[[ RECORDS TO USE, beginning ]]

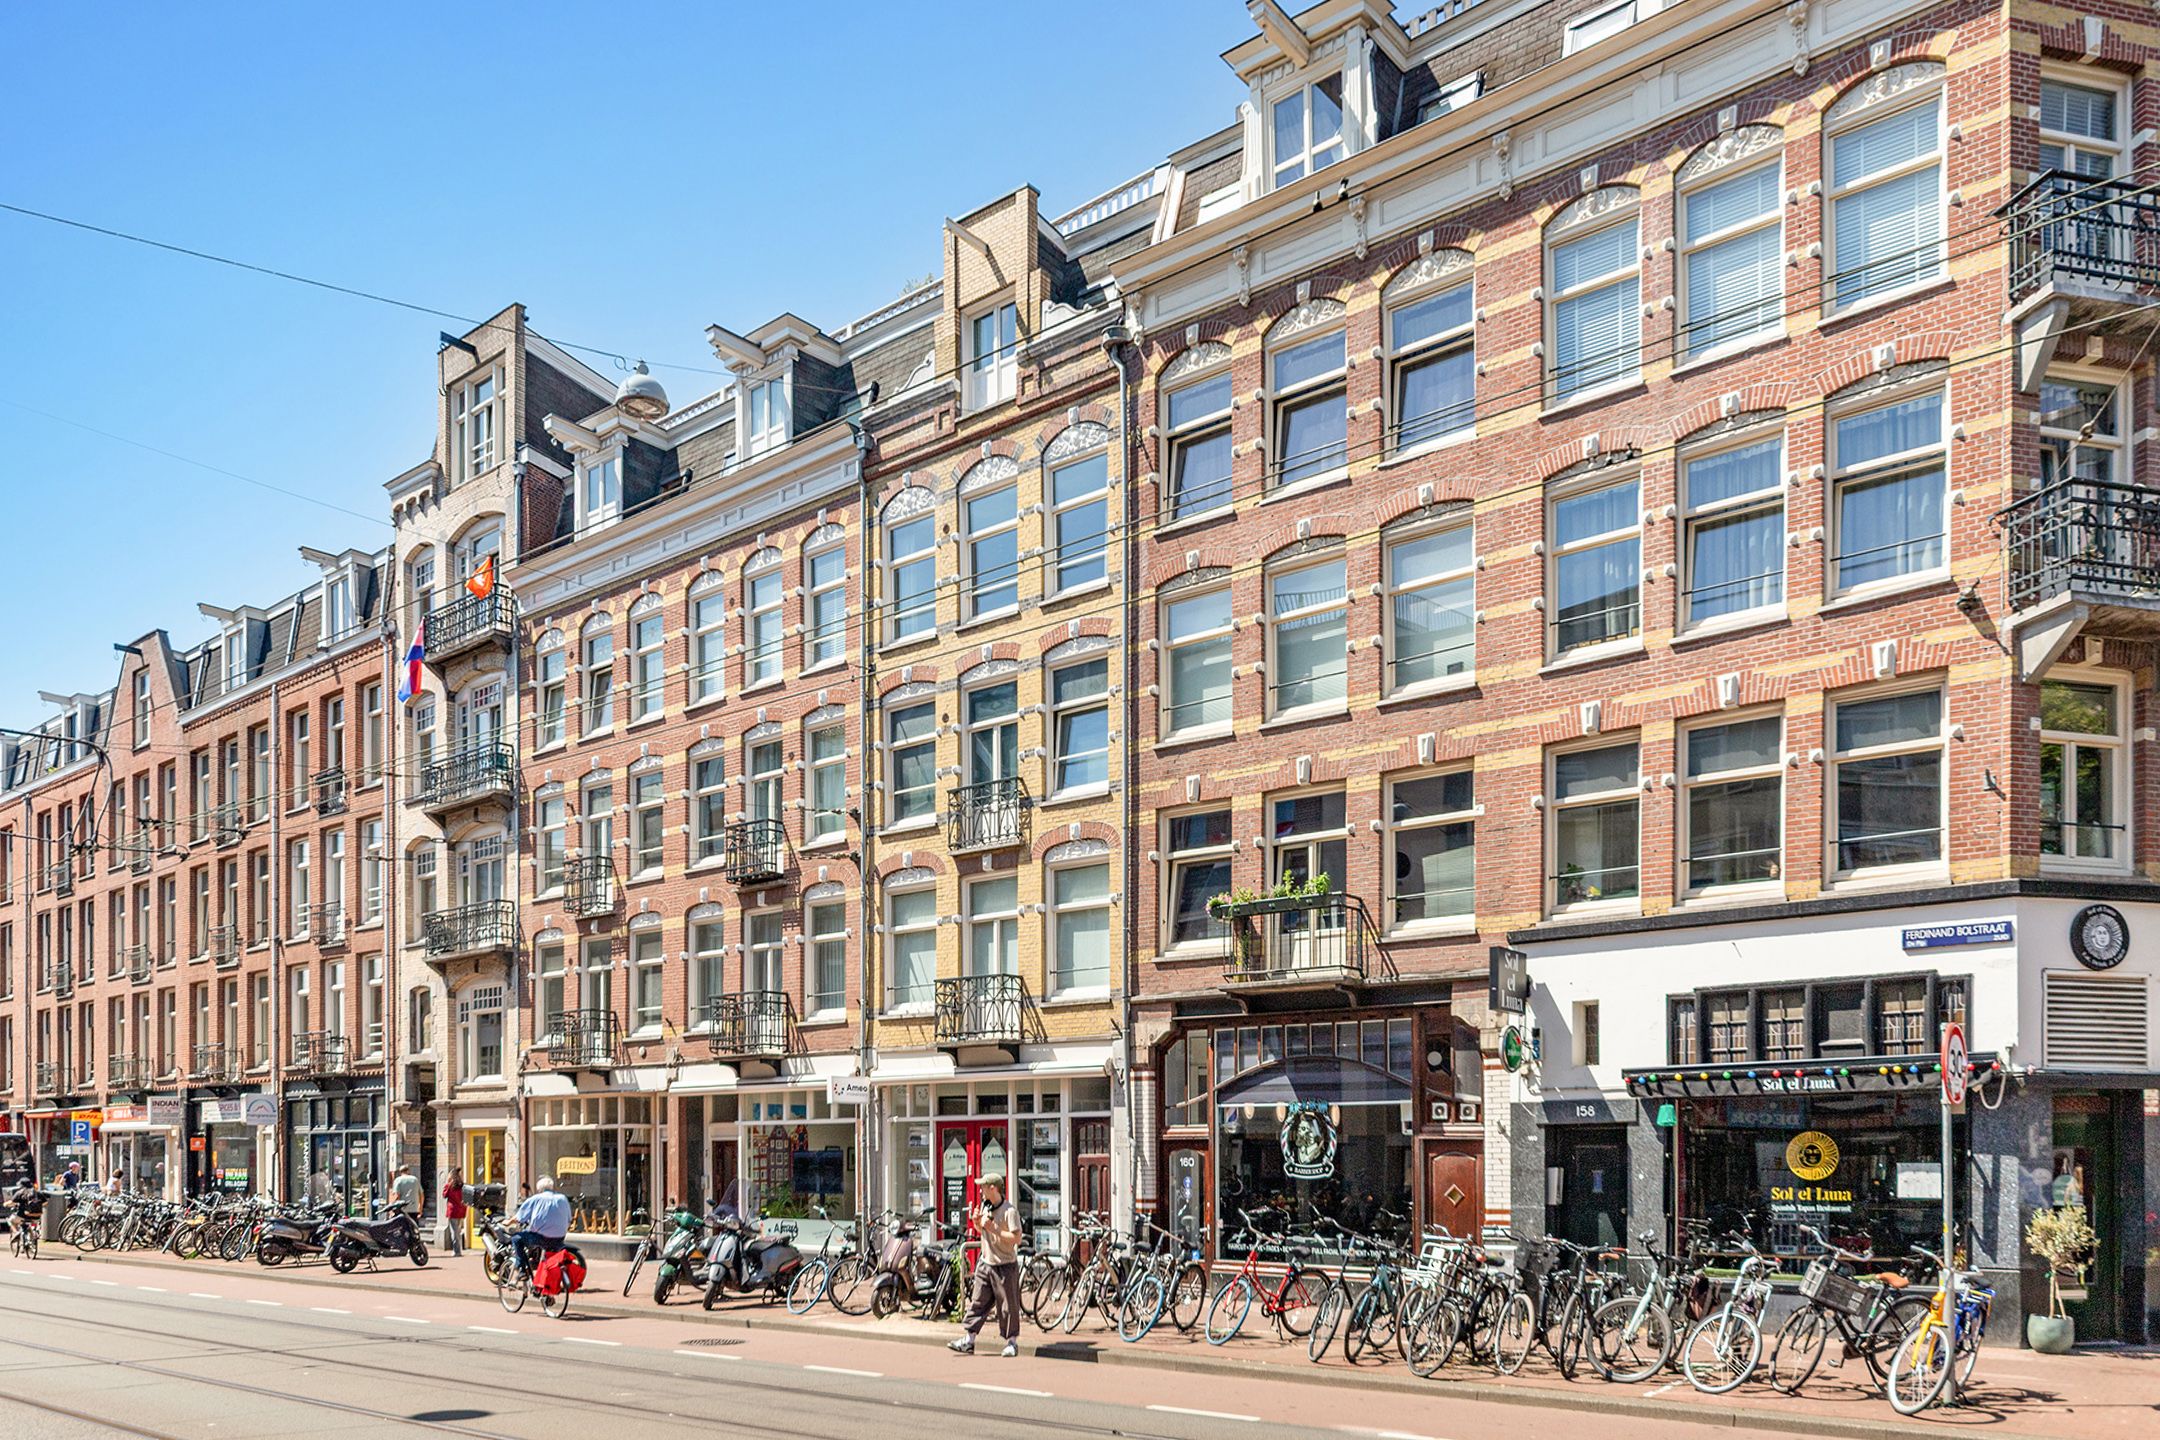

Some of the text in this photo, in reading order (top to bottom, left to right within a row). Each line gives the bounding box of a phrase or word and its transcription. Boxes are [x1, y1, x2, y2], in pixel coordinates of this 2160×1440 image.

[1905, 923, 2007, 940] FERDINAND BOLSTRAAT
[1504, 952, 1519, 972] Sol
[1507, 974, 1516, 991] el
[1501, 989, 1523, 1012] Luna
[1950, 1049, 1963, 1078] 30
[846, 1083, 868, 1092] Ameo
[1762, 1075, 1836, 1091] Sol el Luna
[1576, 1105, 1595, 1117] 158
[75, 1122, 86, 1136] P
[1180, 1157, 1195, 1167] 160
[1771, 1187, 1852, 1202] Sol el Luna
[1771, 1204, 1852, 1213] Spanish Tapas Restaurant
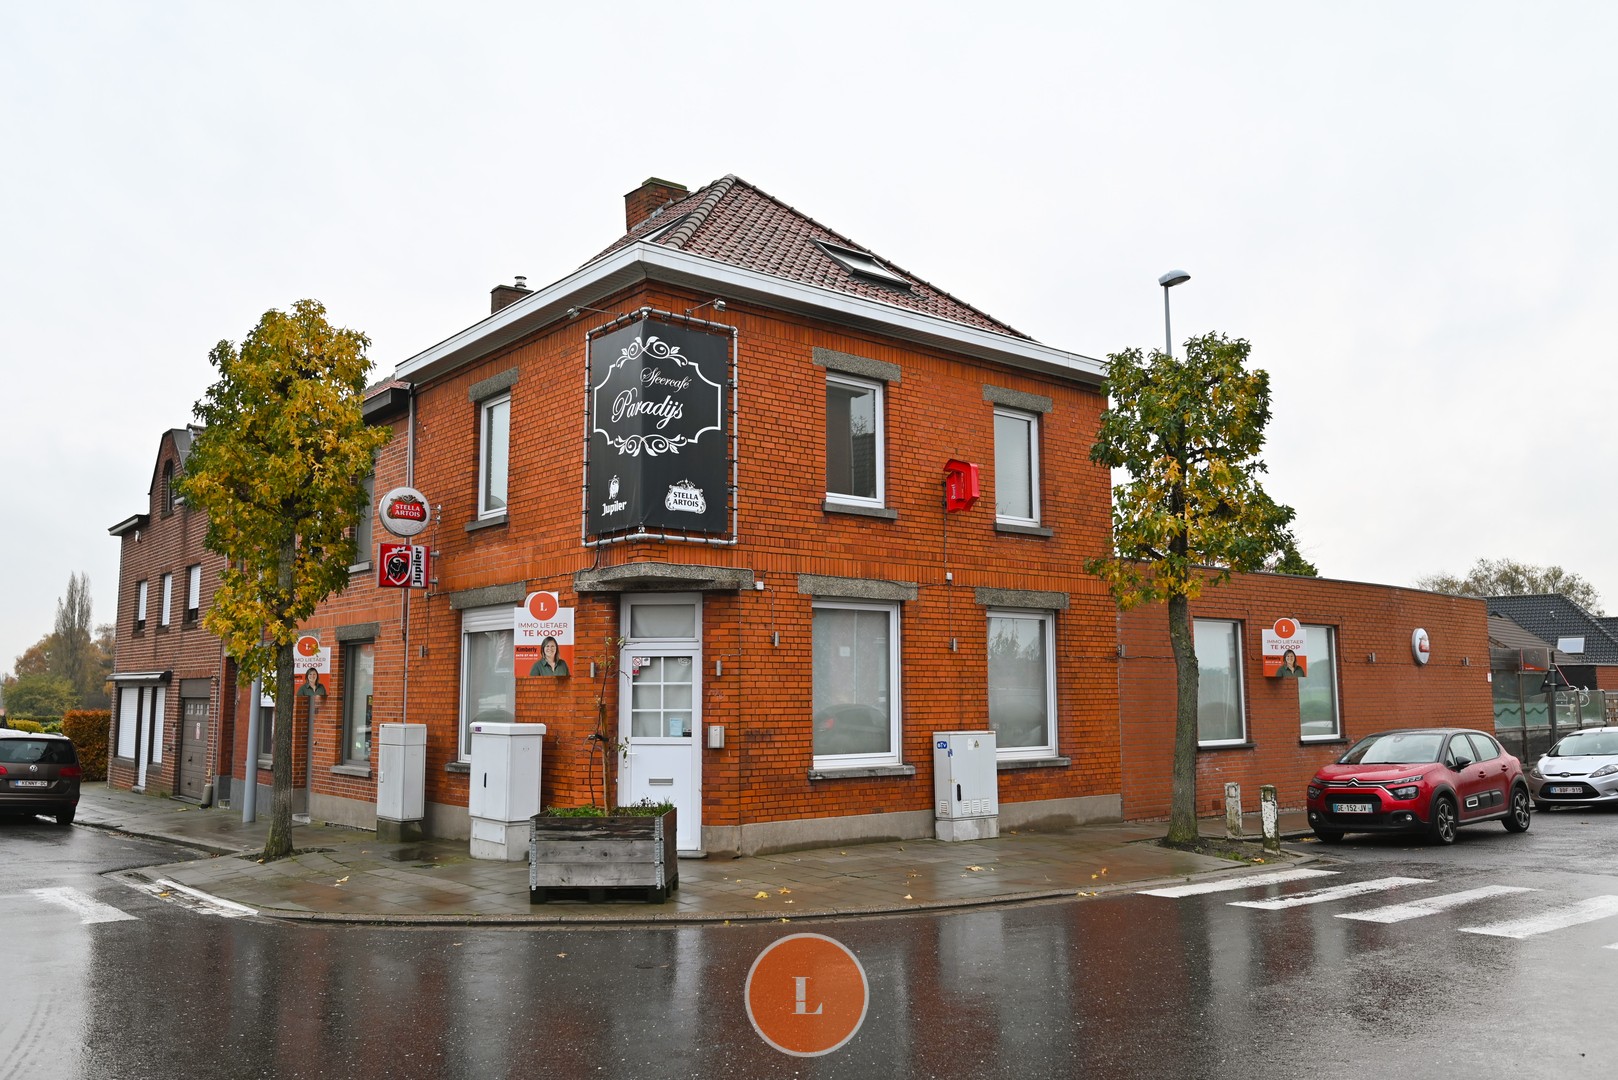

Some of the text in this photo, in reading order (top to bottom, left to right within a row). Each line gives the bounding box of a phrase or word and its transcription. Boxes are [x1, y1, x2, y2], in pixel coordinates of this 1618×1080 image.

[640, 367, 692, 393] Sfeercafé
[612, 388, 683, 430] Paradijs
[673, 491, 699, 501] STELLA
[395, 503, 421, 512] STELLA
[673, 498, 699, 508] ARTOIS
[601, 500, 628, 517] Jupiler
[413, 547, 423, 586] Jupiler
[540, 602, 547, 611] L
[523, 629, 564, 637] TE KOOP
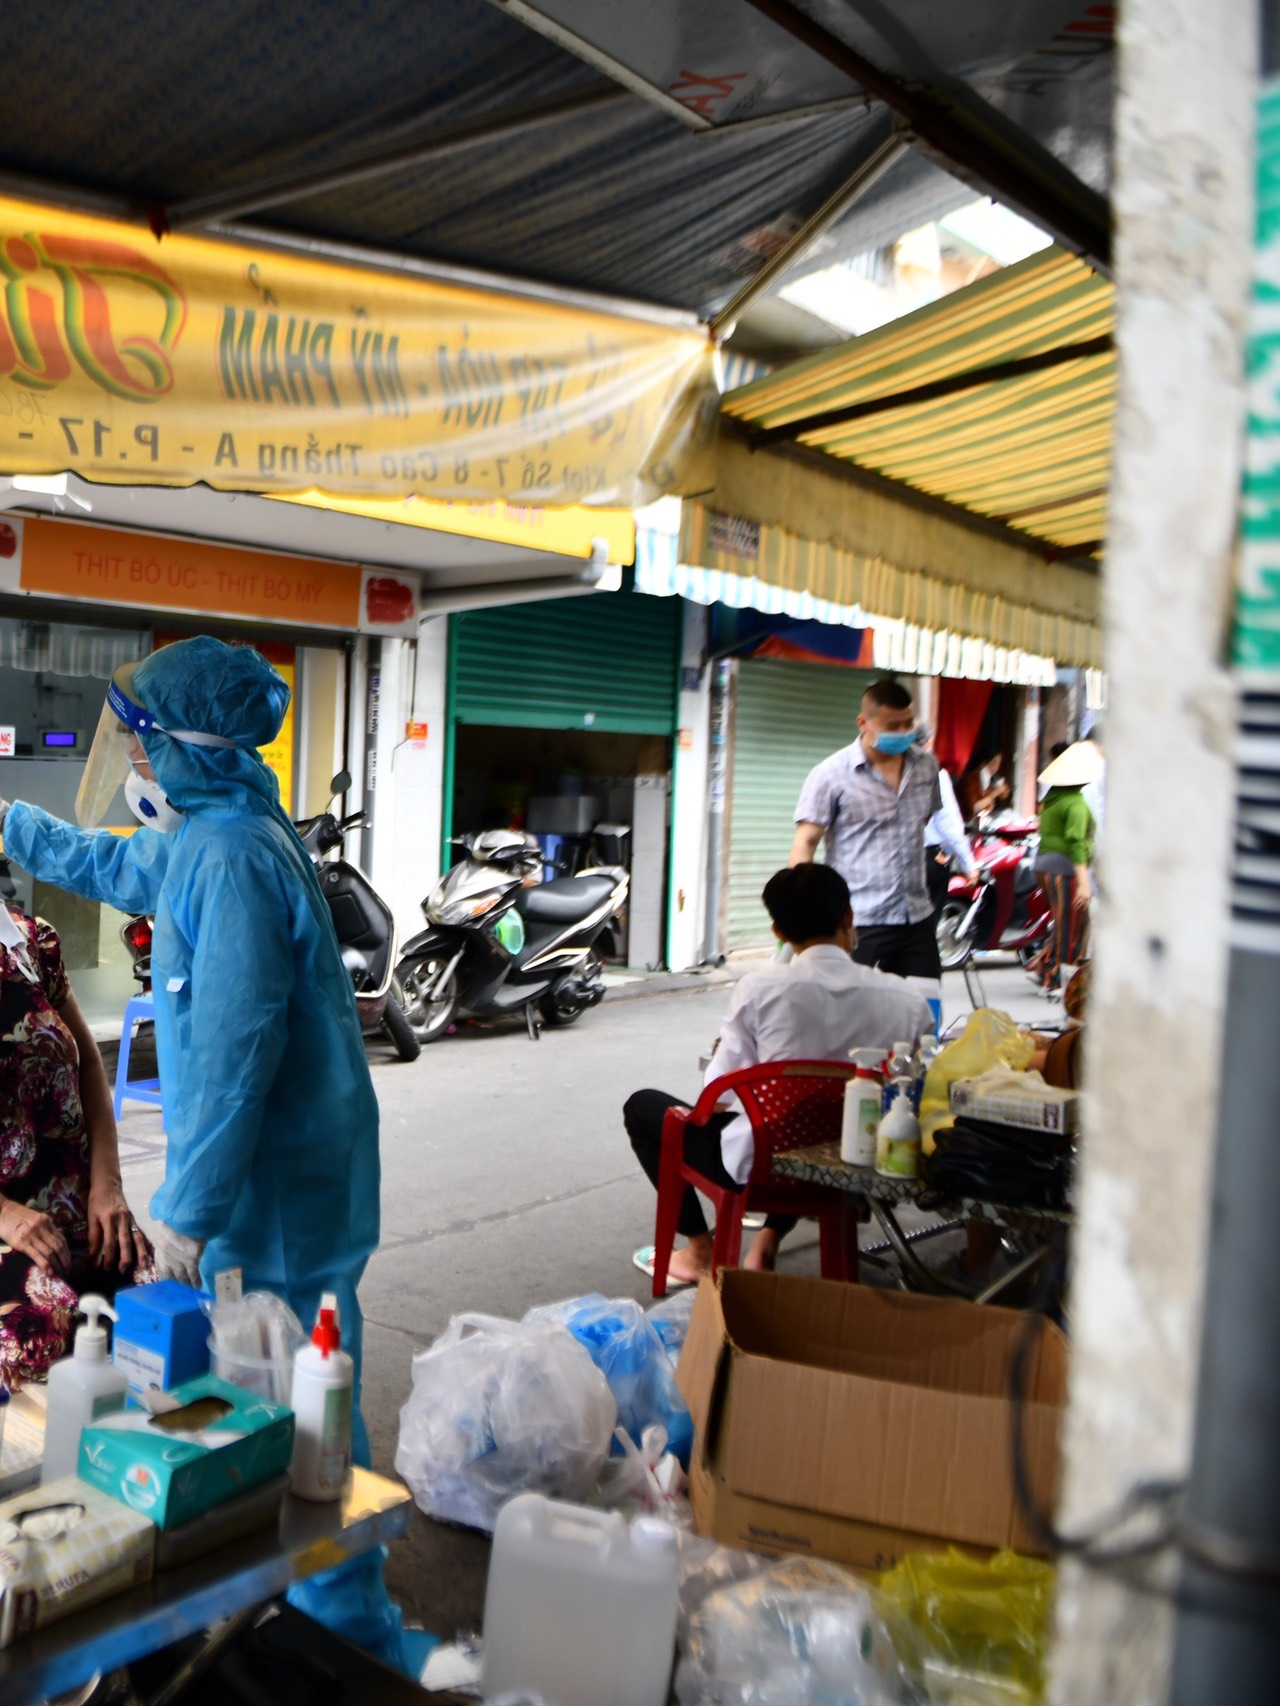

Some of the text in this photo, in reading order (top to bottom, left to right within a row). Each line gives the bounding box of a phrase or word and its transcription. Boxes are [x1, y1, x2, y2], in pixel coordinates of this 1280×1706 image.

[[ RECORDS TO USE, end ]]

WORK REQUIRED →
Output the data above verbatim, pictures excluded.

EXERCISE RESULT →
Some of the text in this photo, in reading order (top to bottom, left to right within a row). Each line gives the bounding box of a phrase or word and its transcription. Boxes are [x1, y1, x2, y2], in pixel coordinates of this 2160×1440 image.

[1905, 923, 2007, 940] FERDINAND BOLSTRAAT
[1504, 952, 1519, 972] Sol
[1507, 974, 1516, 991] el
[1501, 989, 1523, 1012] Luna
[1950, 1049, 1963, 1078] 30
[846, 1083, 868, 1092] Ameo
[1762, 1075, 1836, 1091] Sol el Luna
[1576, 1105, 1595, 1117] 158
[75, 1122, 86, 1136] P
[1180, 1157, 1195, 1167] 160
[1771, 1187, 1852, 1202] Sol el Luna
[1771, 1204, 1852, 1213] Spanish Tapas Restaurant

Some of the text in this photo, in reading order (top to bottom, left to right within a row). Each line gives the bounding box of a phrase or word and its transcription. Boxes are [x1, y1, x2, y2], in pixel coordinates of this 1618×1080 image.

[640, 367, 692, 393] Sfeercafé
[612, 388, 683, 430] Paradijs
[673, 491, 699, 501] STELLA
[395, 503, 421, 512] STELLA
[673, 498, 699, 508] ARTOIS
[601, 500, 628, 517] Jupiler
[413, 547, 423, 586] Jupiler
[540, 602, 547, 611] L
[523, 629, 564, 637] TE KOOP

Some of the text in this photo, in reading order (top to bottom, left to right within a row). Each line gives the bounding box of a phrase or word and its transcription. Boxes are [x1, y1, x2, y2], in pixel coordinates of this 1280×1706 image.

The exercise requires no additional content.